--- What is required ---
In this exercise, each record below is to be written out again exactly.
Data provided: Begin
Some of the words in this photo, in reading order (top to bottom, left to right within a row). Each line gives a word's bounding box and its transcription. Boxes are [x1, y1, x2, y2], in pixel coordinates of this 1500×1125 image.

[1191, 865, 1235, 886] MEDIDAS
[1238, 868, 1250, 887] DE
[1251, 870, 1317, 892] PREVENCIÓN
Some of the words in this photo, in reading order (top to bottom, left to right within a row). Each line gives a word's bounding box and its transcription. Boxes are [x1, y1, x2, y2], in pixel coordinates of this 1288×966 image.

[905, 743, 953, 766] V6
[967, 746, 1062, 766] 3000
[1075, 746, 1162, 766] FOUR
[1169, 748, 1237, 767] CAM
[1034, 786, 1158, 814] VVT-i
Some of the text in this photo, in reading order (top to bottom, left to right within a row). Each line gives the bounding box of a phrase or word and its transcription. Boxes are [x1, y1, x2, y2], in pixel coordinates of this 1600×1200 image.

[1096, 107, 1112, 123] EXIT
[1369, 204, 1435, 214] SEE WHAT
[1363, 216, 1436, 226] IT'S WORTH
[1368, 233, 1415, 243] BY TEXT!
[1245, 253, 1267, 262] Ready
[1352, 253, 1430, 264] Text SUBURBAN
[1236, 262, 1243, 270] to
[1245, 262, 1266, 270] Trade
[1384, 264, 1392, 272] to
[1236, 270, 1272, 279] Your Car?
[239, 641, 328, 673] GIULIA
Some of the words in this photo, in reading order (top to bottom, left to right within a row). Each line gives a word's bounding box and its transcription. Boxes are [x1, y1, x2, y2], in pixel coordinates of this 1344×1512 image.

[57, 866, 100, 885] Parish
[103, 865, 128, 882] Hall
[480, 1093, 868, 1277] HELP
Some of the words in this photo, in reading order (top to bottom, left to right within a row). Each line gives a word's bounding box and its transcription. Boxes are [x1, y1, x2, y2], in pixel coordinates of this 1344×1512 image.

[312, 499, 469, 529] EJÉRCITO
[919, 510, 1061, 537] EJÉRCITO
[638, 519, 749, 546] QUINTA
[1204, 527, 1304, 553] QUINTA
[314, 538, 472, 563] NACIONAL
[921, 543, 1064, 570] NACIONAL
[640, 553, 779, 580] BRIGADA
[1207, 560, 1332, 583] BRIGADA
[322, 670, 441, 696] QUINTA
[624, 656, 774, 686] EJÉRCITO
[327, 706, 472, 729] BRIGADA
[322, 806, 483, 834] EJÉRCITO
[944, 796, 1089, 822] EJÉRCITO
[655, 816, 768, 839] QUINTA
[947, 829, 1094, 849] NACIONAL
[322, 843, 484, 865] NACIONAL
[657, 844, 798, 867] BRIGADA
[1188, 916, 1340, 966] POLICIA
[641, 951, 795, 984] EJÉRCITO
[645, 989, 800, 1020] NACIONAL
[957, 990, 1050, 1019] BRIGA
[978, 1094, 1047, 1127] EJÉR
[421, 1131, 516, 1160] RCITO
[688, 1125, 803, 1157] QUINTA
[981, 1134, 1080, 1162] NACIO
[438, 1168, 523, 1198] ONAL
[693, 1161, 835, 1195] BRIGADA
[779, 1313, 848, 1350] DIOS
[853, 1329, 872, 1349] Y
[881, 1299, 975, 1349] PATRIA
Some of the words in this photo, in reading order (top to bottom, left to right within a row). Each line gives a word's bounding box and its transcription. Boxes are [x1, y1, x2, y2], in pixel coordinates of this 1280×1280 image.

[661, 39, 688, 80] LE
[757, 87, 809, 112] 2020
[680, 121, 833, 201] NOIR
Data provided: End
--- Written reply ---
Some of the words in this photo, in reading order (top to bottom, left to right within a row). Each line gives a word's bounding box and its transcription. Boxes are [x1, y1, x2, y2], in pixel coordinates of this 1500×1125 image.

[1191, 865, 1235, 886] MEDIDAS
[1238, 868, 1250, 887] DE
[1251, 870, 1317, 892] PREVENCIÓN
Some of the words in this photo, in reading order (top to bottom, left to right within a row). Each line gives a word's bounding box and its transcription. Boxes are [x1, y1, x2, y2], in pixel coordinates of this 1288×966 image.

[905, 743, 953, 766] V6
[967, 746, 1062, 766] 3000
[1075, 746, 1162, 766] FOUR
[1169, 748, 1237, 767] CAM
[1034, 786, 1158, 814] VVT-i
Some of the text in this photo, in reading order (top to bottom, left to right within a row). Each line gives the bounding box of a phrase or word and its transcription. Boxes are [x1, y1, x2, y2], in pixel coordinates of this 1600×1200 image.

[1096, 107, 1112, 123] EXIT
[1369, 204, 1435, 214] SEE WHAT
[1363, 216, 1436, 226] IT'S WORTH
[1368, 233, 1415, 243] BY TEXT!
[1245, 253, 1267, 262] Ready
[1352, 253, 1430, 264] Text SUBURBAN
[1236, 262, 1243, 270] to
[1245, 262, 1266, 270] Trade
[1384, 264, 1392, 272] to
[1236, 270, 1272, 279] Your Car?
[239, 641, 328, 673] GIULIA
Some of the words in this photo, in reading order (top to bottom, left to right within a row). Each line gives a word's bounding box and its transcription. Boxes are [x1, y1, x2, y2], in pixel coordinates of this 1344×1512 image.

[57, 866, 100, 885] Parish
[103, 865, 128, 882] Hall
[480, 1093, 868, 1277] HELP
Some of the words in this photo, in reading order (top to bottom, left to right within a row). Each line gives a word's bounding box and its transcription. Boxes are [x1, y1, x2, y2], in pixel coordinates of this 1344×1512 image.

[312, 499, 469, 529] EJÉRCITO
[919, 510, 1061, 537] EJÉRCITO
[638, 519, 749, 546] QUINTA
[1204, 527, 1304, 553] QUINTA
[314, 538, 472, 563] NACIONAL
[921, 543, 1064, 570] NACIONAL
[640, 553, 779, 580] BRIGADA
[1207, 560, 1332, 583] BRIGADA
[322, 670, 441, 696] QUINTA
[624, 656, 774, 686] EJÉRCITO
[327, 706, 472, 729] BRIGADA
[322, 806, 483, 834] EJÉRCITO
[944, 796, 1089, 822] EJÉRCITO
[655, 816, 768, 839] QUINTA
[947, 829, 1094, 849] NACIONAL
[322, 843, 484, 865] NACIONAL
[657, 844, 798, 867] BRIGADA
[1188, 916, 1340, 966] POLICIA
[641, 951, 795, 984] EJÉRCITO
[645, 989, 800, 1020] NACIONAL
[957, 990, 1050, 1019] BRIGA
[978, 1094, 1047, 1127] EJÉR
[421, 1131, 516, 1160] RCITO
[688, 1125, 803, 1157] QUINTA
[981, 1134, 1080, 1162] NACIO
[438, 1168, 523, 1198] ONAL
[693, 1161, 835, 1195] BRIGADA
[779, 1313, 848, 1350] DIOS
[853, 1329, 872, 1349] Y
[881, 1299, 975, 1349] PATRIA
Some of the words in this photo, in reading order (top to bottom, left to right within a row). Each line gives a word's bounding box and its transcription. Boxes are [x1, y1, x2, y2], in pixel coordinates of this 1280×1280 image.

[661, 39, 688, 80] LE
[757, 87, 809, 112] 2020
[680, 121, 833, 201] NOIR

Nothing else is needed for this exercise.